Nebraska HIE Adds Services, Adjusts Pricing Model

July 13, 2017
Statewide health information exchanges are adjusting their pricing models as they identify new services to offer member organizations and as they experience shifts in government and grant funding support.

Statewide health information exchanges (HIEs) are adjusting their pricing models as they identify new services to offer member organizations and as they experience shifts in government and grant funding support.

As funding sources that helped with startup go away, HIE leaders are building new partnerships and finding new sources of revenue. Speaking at a July 12 webinar put on by the Office of the National Coordinator for Health IT, Deb Bass, executive director of the Nebraska Health Information Initiative, described a new pricing structure at NeHII.

Here is its early pricing model:

 • Providers paid $20 per month to view data.

• Hospitals paid a monthly license fee based on bed size.

• Long-term and post-acute care providers paid $500 per month. 

• Payers paid $25,000 annual fee plus $2 per member per month.

• There was a state legislative appropriation of $500,000 in 2014, which increased to $1 million annually in 2015.

The bed size tiers had grown from the original five tiers to eight, Bass said, and participants were asking for a more tangible, customized method to determine participation fees for hospitals. NEHII formed a workgroup to develop a new pricing model and a future value-added services strategy. The pricing model was finalized in January 2017.

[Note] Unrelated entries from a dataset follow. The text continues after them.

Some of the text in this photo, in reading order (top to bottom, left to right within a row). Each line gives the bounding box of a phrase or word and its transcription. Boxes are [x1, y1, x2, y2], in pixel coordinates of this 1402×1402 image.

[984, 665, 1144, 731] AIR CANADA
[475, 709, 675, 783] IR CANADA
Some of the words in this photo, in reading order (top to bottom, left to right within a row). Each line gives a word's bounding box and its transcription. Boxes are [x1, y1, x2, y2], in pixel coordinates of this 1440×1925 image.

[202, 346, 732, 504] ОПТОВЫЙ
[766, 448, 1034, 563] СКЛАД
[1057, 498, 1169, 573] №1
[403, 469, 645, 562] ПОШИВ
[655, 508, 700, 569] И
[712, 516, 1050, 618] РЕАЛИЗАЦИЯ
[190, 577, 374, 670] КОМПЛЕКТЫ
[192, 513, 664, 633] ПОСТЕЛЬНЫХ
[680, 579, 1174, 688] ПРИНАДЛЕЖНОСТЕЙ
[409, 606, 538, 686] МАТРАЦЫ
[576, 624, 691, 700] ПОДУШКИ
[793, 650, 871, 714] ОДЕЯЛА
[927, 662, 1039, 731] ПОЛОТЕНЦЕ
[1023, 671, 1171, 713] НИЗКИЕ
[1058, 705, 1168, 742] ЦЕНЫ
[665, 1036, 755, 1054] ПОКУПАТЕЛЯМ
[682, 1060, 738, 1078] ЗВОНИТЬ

Bass said the new pricing model created a more equitable manner to allocate costs based on a facility’s potential use of the HIE, and was not intended as a method to increase revenue. “It increased revenues less than 2 percent annually,” she noted.  Hospital license fees had remained unchanged since NeHII’s go-live in 2009, although large health systems paid a three-year sustainability surcharge from 2013 to 2015 and all other health systems paid a two-year sustainability surcharge in 2014 and 2015. Five hospitals are paying slightly higher participation fees but less than with sustainability charge.

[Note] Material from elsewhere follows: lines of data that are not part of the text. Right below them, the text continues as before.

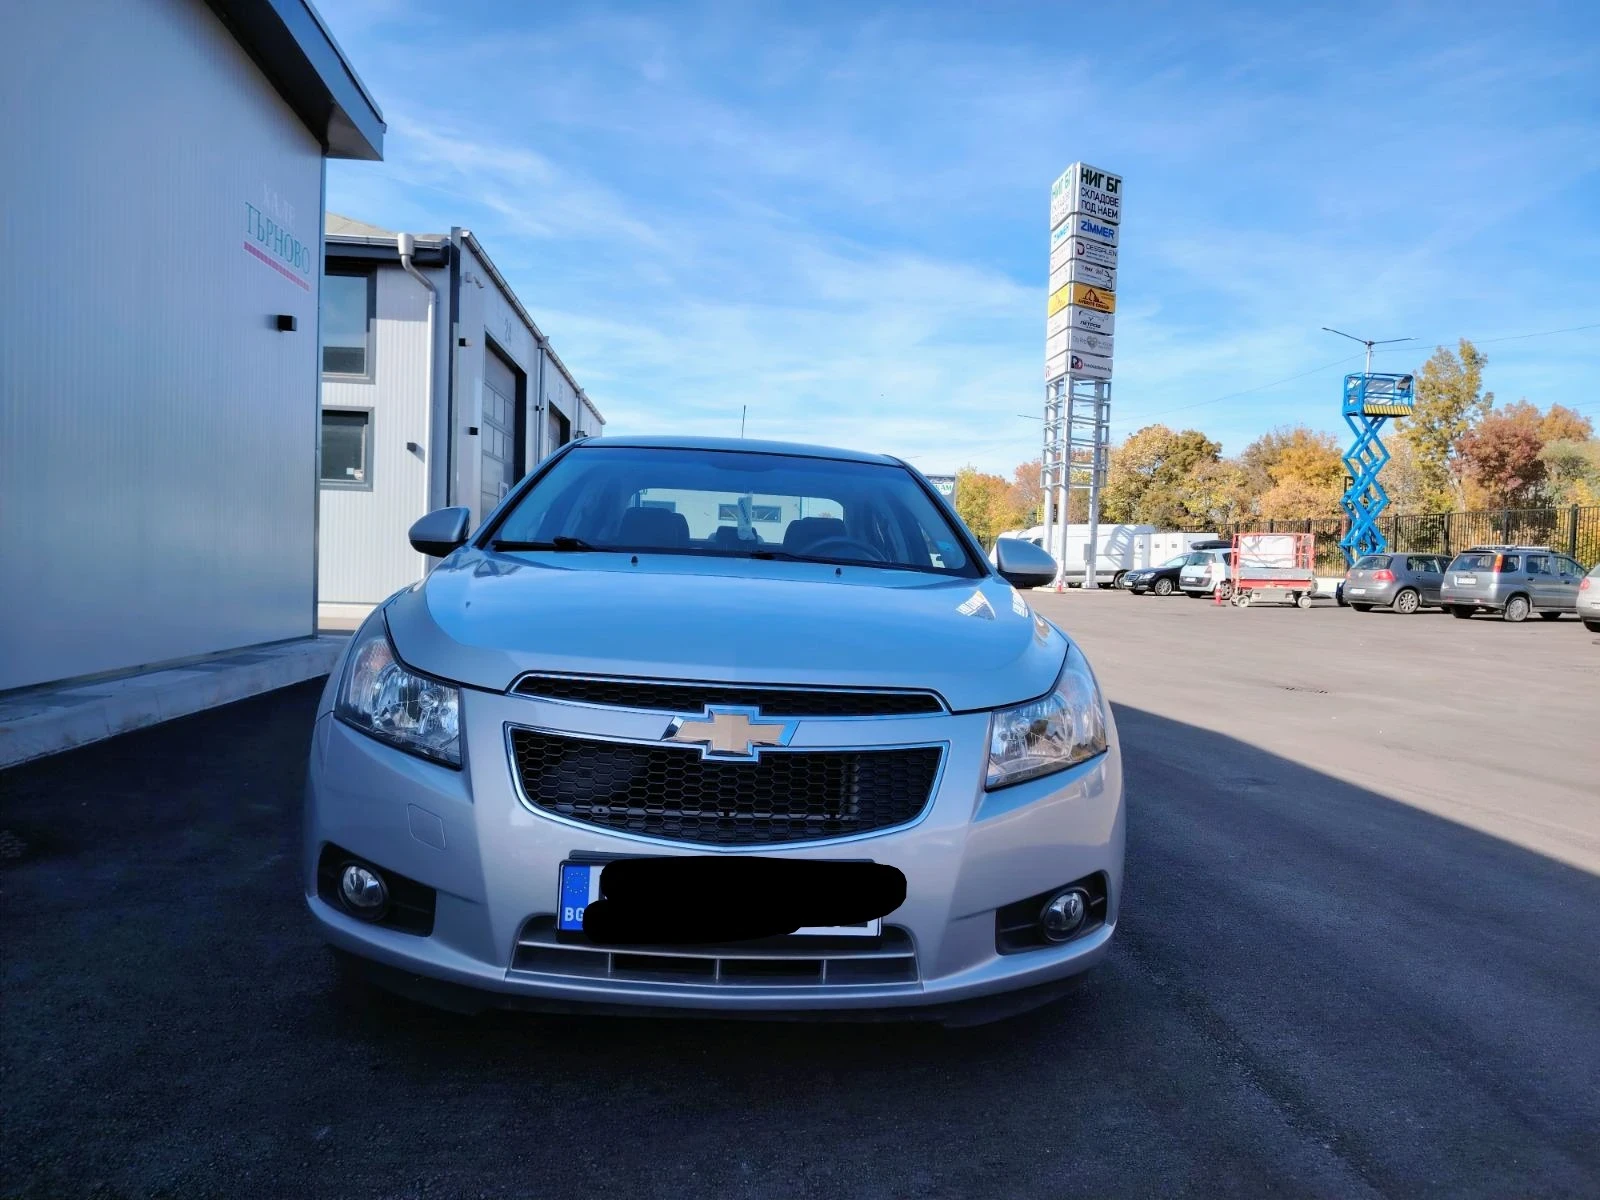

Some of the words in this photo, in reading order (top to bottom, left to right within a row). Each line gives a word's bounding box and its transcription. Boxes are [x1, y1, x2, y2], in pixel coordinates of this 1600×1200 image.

[1081, 168, 1104, 189] НИГ
[1106, 176, 1122, 194] БГ
[1081, 187, 1119, 208] СКЛАДОВЕ
[1081, 200, 1097, 214] ПОД
[1097, 205, 1118, 219] НАЕМ
[245, 201, 310, 274] ТЪРНОВО
[564, 907, 584, 922] BG

One key change is that the new scheme eliminates fees for licensed healthcare professionals to have access to the data. (If an ambulatory clinic becomes a data provider there will be a $500-per-month participation fee.) Instead, the cost of the exchange is shared evenly between payers and hospitals (with the State of Nebraska considered a payer.) The new pricing model has a phased three-year implementation schedule to allow for ease of transition.

The new model gradually eliminates the site licensed-bed model for hospitals and moves to payment based on adjusted discharge figures.

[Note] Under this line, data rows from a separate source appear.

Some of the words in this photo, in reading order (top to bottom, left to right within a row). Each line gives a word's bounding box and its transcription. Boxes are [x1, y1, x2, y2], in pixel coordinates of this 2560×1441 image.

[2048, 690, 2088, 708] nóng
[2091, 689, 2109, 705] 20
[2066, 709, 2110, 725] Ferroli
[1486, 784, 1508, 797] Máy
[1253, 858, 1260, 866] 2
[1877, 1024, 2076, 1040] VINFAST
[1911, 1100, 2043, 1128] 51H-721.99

In the new pricing model, insurers pay a $25,000 annual fee plus the per-member per-month fee, with a sliding scale based upon number of covered lives

Here are some quick statistics about NeHII:

• Number of lives: 3,427,738

• Percentage of Nebraska hospital beds connected: 66%

• Percentage of critical access hospital beds connected: 53%

• Number of results in the system >157,595,989

• Percentage of patient opt-outs: 2.3%

• Number of HIE users: 9,358

The pricing model shift coincided with deployment of a new cloud-based technology platform.

New features include patient event subscription, public health reporting and ADT alert notification. “The most beneficial feature has been readmission reporting,” Bass said. “More than 35 hospitals in the state are using it to drive down readmissions. That has tremendous return on investment.”

NeHII has also gone live with prescription drug monitoring program functionality. It also is exploring moving beyond the query model to other value-added services. It just went live in the exchange of data with other states via the Patient-Centered Data Home model.

Other next steps Bass mentioned:

• Participate in eHealth Exchange to connect with federal agencies.

• Expand on connections with state registries.

• Obtain Meaningful Use certification for the PDMP as a specialized public health registry, so providers can use it for attestation. 

• Offer supporting services and connections to LTPACs.

• Finalize a Community Care Plan to support the Medicaid managed care organizations.

• Develop a quality reporting strategy to support MACRA and MIPS via NeHII through HIO Shared Services.

That should be enough to keep NeHII busy for the rest of 2017 and 2018!